[Records drawn from a dataset]
↓↓↓
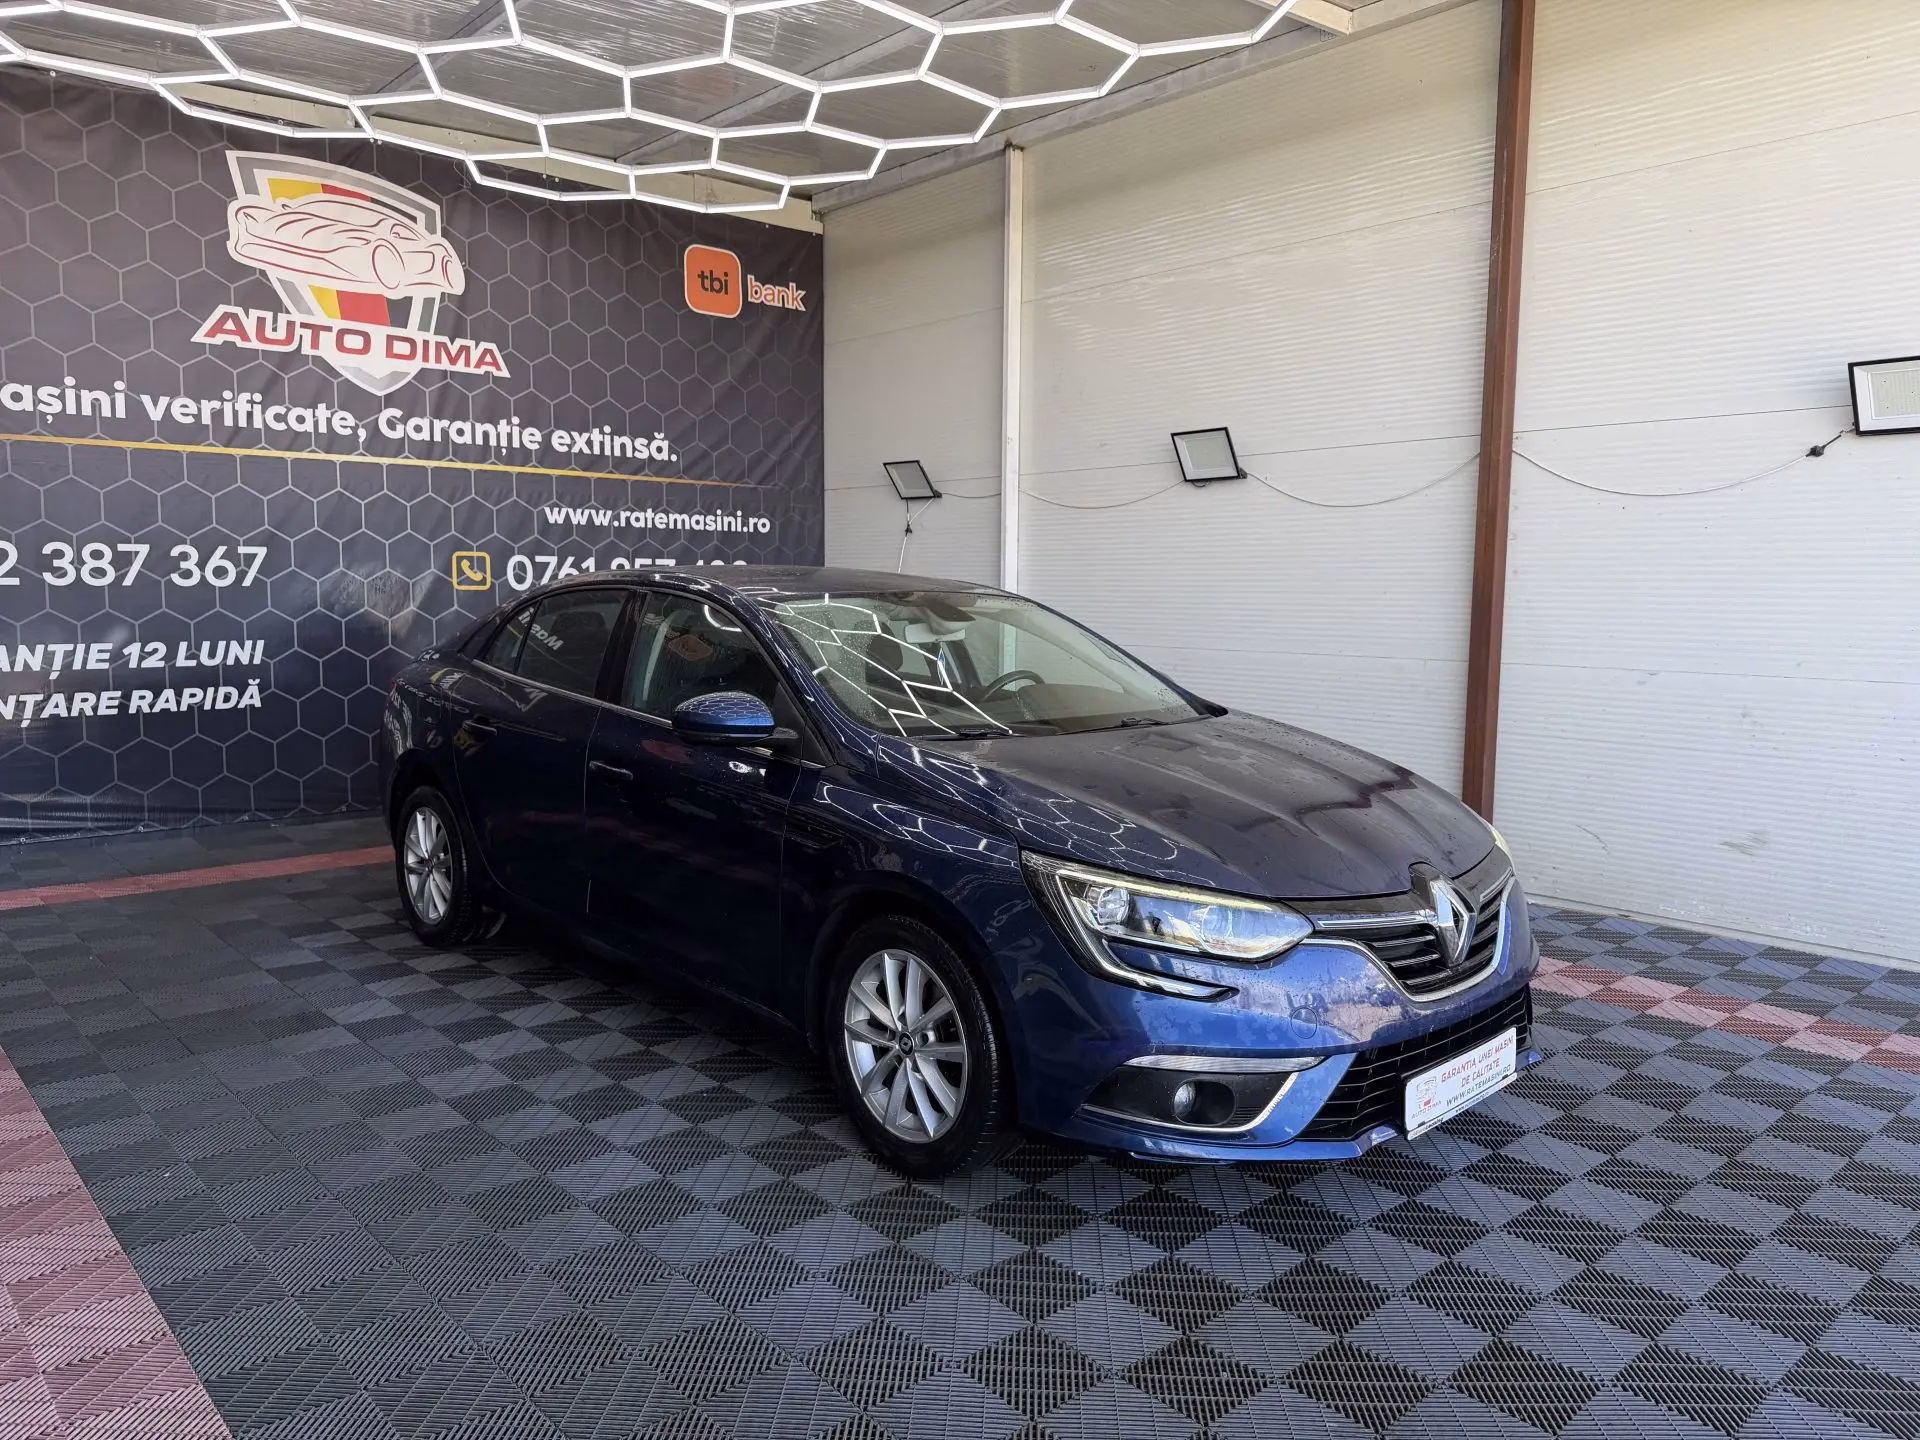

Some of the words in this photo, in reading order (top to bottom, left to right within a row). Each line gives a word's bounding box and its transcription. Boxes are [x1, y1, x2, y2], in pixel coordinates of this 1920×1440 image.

[697, 269, 729, 295] tbi
[748, 275, 806, 311] bank
[203, 311, 372, 356] AUTO
[384, 334, 502, 373] DIMA
[140, 389, 367, 443] verificate,
[377, 407, 543, 456] Garanție
[551, 425, 678, 462] extinsă.
[543, 505, 771, 534] www.ratemasini.ro
[41, 541, 150, 587] 387
[170, 544, 268, 587] 367
[122, 641, 167, 669] 12
[175, 639, 265, 667] LUNI
[128, 678, 262, 714] RAPIDĂ
[1461, 1075, 1471, 1088] DE
↑↑↑
§ **Directions for this task**: All lines above must be repeated exactly, and the pictures must be omitted.

§ **Task answer**:
Some of the words in this photo, in reading order (top to bottom, left to right within a row). Each line gives a word's bounding box and its transcription. Boxes are [x1, y1, x2, y2], in pixel coordinates of this 1920×1440 image.

[697, 269, 729, 295] tbi
[748, 275, 806, 311] bank
[203, 311, 372, 356] AUTO
[384, 334, 502, 373] DIMA
[140, 389, 367, 443] verificate,
[377, 407, 543, 456] Garanție
[551, 425, 678, 462] extinsă.
[543, 505, 771, 534] www.ratemasini.ro
[41, 541, 150, 587] 387
[170, 544, 268, 587] 367
[122, 641, 167, 669] 12
[175, 639, 265, 667] LUNI
[128, 678, 262, 714] RAPIDĂ
[1461, 1075, 1471, 1088] DE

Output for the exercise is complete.